Vor allem die höheren Energiepreise treiben die amerikanische Inflationsrate. Bild: AFP

Die Verbraucherpreise ziehen in den Vereinigten Staaten stärker an als von vielen Fachleuten erwartet. Wie reagieren die Währungshüter?

          2 Min.

          Die Inflation in den Vereinigten Staaten hat im April überraschend stark zugelegt. Gegenüber dem Vorjahresmonat stiegen die Lebenshaltungskosten um 4,2 Prozent, wie das Arbeitsministerium am Mittwoch in Washington mitteilte. Das ist die höchste Rate seit September 2008.

          Im März hatte die Rate mit 2,6 Prozent noch wesentlich niedriger gelegen. Analysten hatten zwar mit einem Anstieg gerechnet, aber nicht in diesem Ausmaß. Im Schnitt wurde eine Rate von 3,6 Prozent erwartet.

          Nicht nur auf Jahressicht, auch gegenüber dem Vormonat stiegen die Verbraucherpreise mit 0,8 Prozent merklich. Dieser Anstieg fiel viermal so stark aus wie von Analysten zuvor erwartet. Besonders deutlich kletterten im Monatsvergleich die Preise für gebrauchte Autos und Lastkraftwagen.

          Märkte unter Druck

          Im Jahresvergleich erhöhten sich die Preise für Energie besonders stark. Dies ist auch eine Folge ihres Verfalls während der ersten Corona-Welle vor etwa einem Jahr. Die sogenannte Kerninflationsreate ohne Energie und Lebensmittel betrug 3 Prozent.

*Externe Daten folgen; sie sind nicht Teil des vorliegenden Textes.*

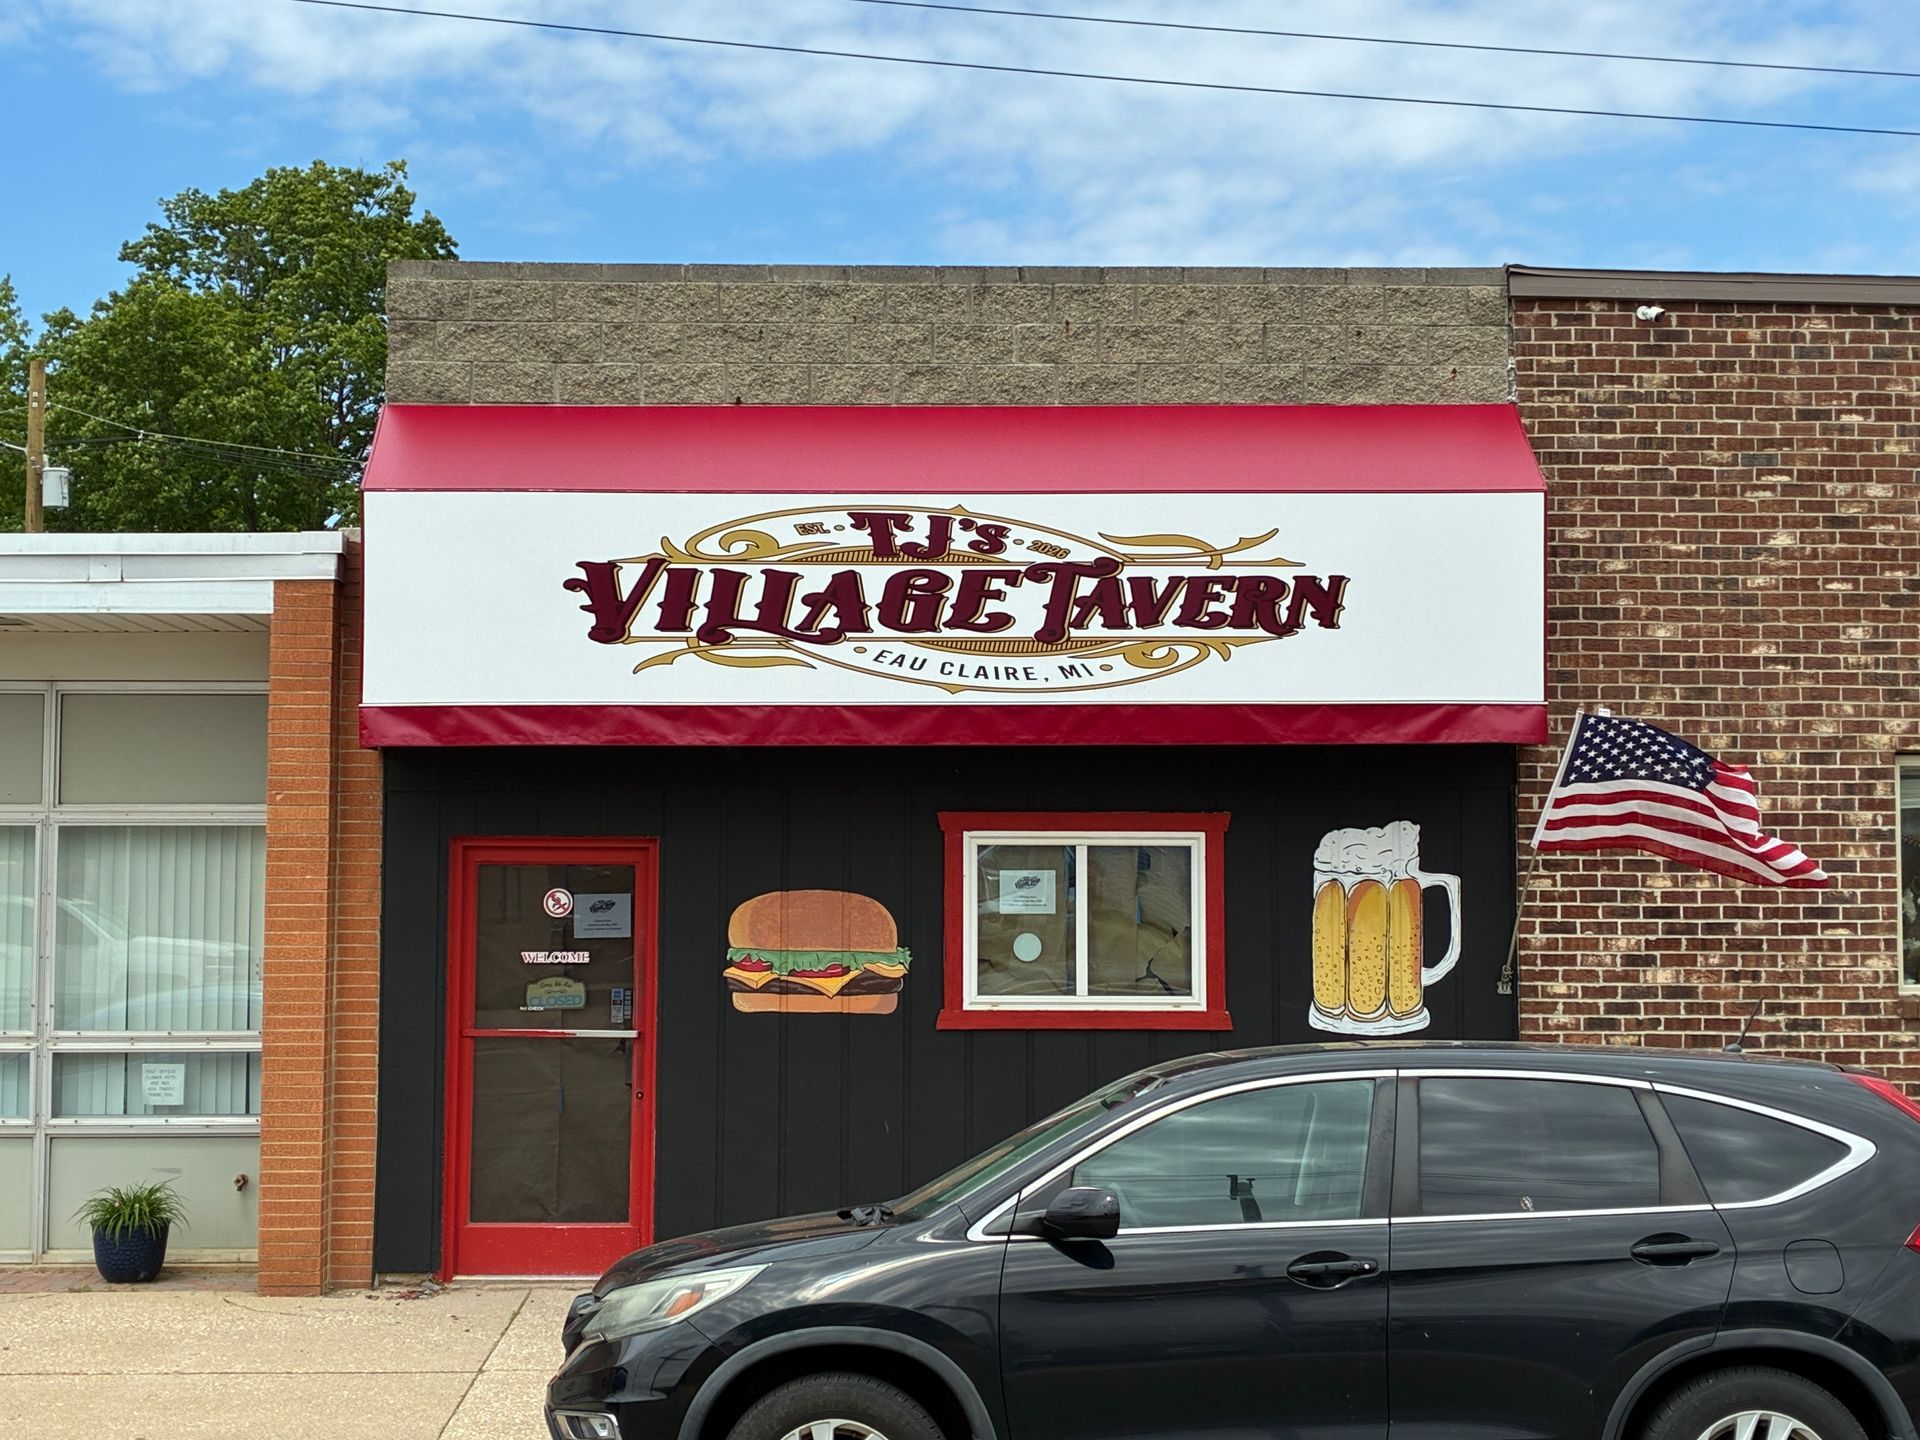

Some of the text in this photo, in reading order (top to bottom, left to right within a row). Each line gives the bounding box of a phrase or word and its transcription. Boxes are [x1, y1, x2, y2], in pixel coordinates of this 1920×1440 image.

[794, 522, 831, 536] EST.
[1026, 539, 1072, 560] 2026
[562, 556, 1351, 645] VILLAGE TAVERN
[872, 649, 1095, 683] EAU CLAIRE, MI
[521, 951, 590, 964] WELCOME

          Obwohl die Zielinflation der amerikanischen Notenbank Federal Reserve von zwei Prozent klar übertroffen wird, haben die Währungshüter schon signalisiert, auf den Preisanstieg nicht zu reagieren. Sie betrachten die Entwicklung als übergangsweises Phänomen. Diese Sichtweise wird angesichts stark steigender Rohstoffpreise und zahlreicher Probleme in den internationalen Lieferketten zunehmend kritisch hinterfragt.

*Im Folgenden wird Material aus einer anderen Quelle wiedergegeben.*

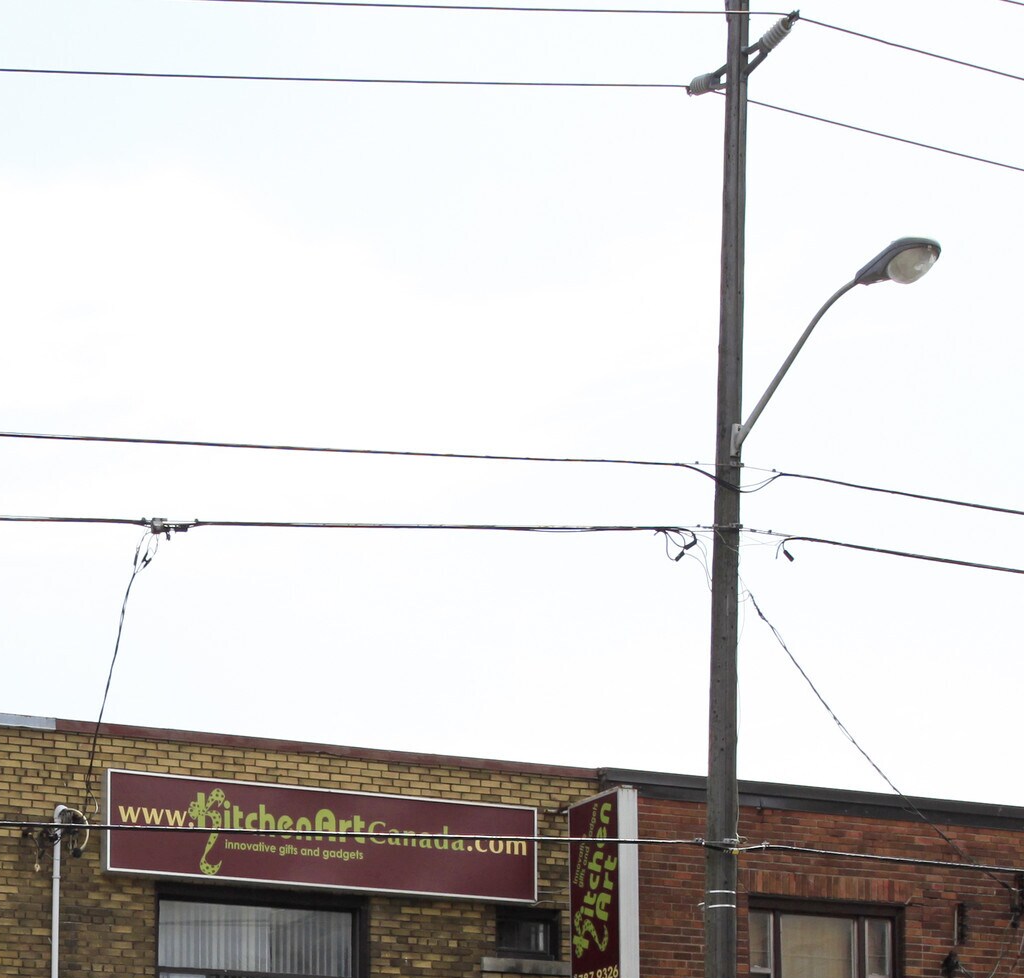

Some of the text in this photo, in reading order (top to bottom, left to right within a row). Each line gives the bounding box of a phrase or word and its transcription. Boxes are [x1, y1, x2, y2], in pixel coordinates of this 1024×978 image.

[224, 838, 364, 862] innovative gifts and gadgets
[588, 802, 598, 845] adgets
[573, 802, 612, 958] Kitchen
[595, 854, 618, 922] Art
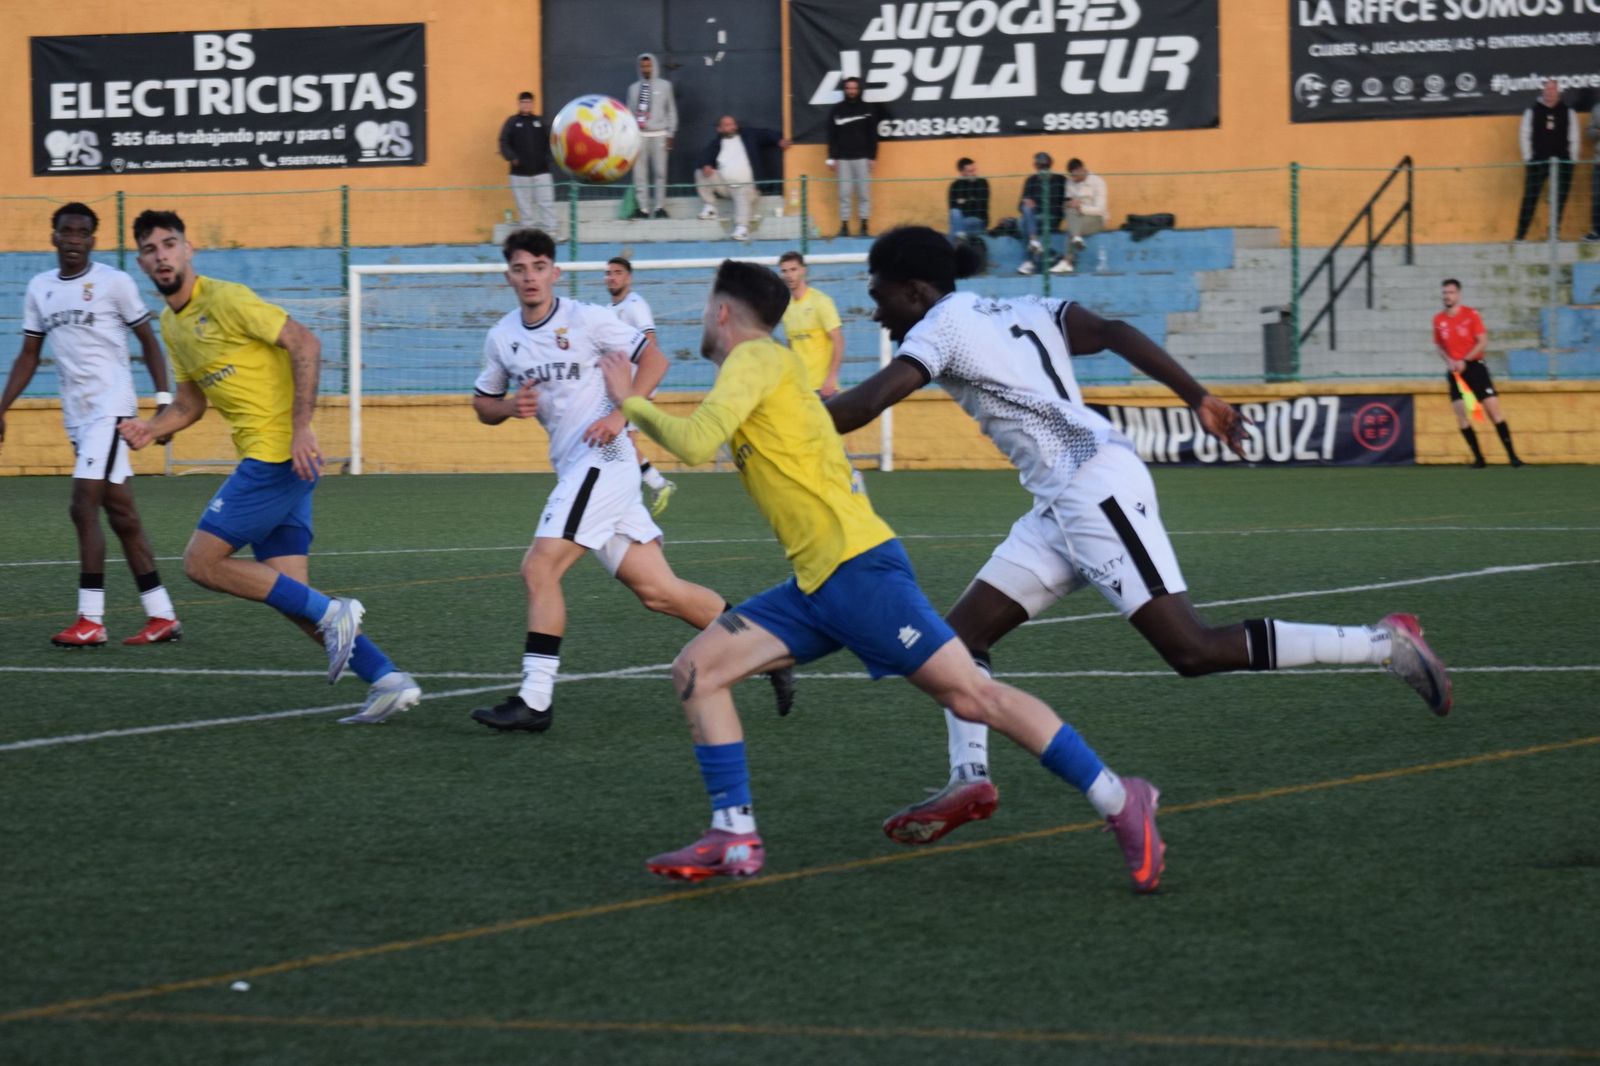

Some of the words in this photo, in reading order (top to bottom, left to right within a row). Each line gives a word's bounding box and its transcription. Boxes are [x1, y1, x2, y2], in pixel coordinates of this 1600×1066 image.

          „Diese Zahlen bestätigen die Furcht des Marktes, dass die Inflation außer Kontrolle gerät“, sagte Naeem Aslam, Chef-Marktanalyst des Brokerhauses Avatrade. „Die Anleger wollen, dass die Fed dies einräumt.“ Die Notenbank unterstützt die von der Corona-Krise getroffene Wirtschaft mit monatlichen Geldspritzen im Volumen von 120 Milliarden Dollar. Sie will daran eigenem Bekunden nach eigentlich so lange festhalten, bis substantielle Fortschritte bei der Preisstabilität und der Arbeitslosigkeit erreicht sind.

          In einer ersten Reaktion zeigte sich Fed-Vizechef Richard Clarida überrascht von der Stärke des Preisschubs im April.  Der Zeitpunkt für die Fed sei indes noch nicht gekommen, der Wirtschaft die Unterstützung zu entziehen. Es gelte nun „umsichtig und angemessen“ weitere Daten zu sammeln, bevor eine Entscheidung in diese Richtung getroffen werde.

          Die einflussreiche Fed-Direktorin Lael Brainard sagte kürzlich, dass die von der Pandemie ausgelösten vorübergehenden Preiserhöhungen die Inflationsdynamik nicht dauerhaft veränderten. Sollte sich die Inflationsentwicklung jedoch nicht als temporär erweisen, habe die Fed die erforderlichen Instrumente. Daran sollte niemand Zweifel haben.

          Inflationssorgen in Amerika hatten zuletzt Aktien-Anleger in die Flucht getrieben. Am frühen Mittwochnachmittag wurden die Aktienkurse durch den starken Anstieg der Verbraucherpreise belastet. Der Dax rutschte kurzzeitig ins Minus.

          Zuletzt hat die höhere amerikanische Inflation eine moderate Dax-Erholung nicht verhindert. Gut aufgenommene Unternehmensberichte sorgten dafür, dass sich der deutsche Leitindex stabilisieren konnte. Mit steigender Inflation verbinden Anleger schon länger die Angst vor wieder anziehenden Zinsen. Diese könnten die Finanzierungskonditionen von Unternehmen verschlechtern und Anleihen als Alternative zu Aktien attraktiver machen.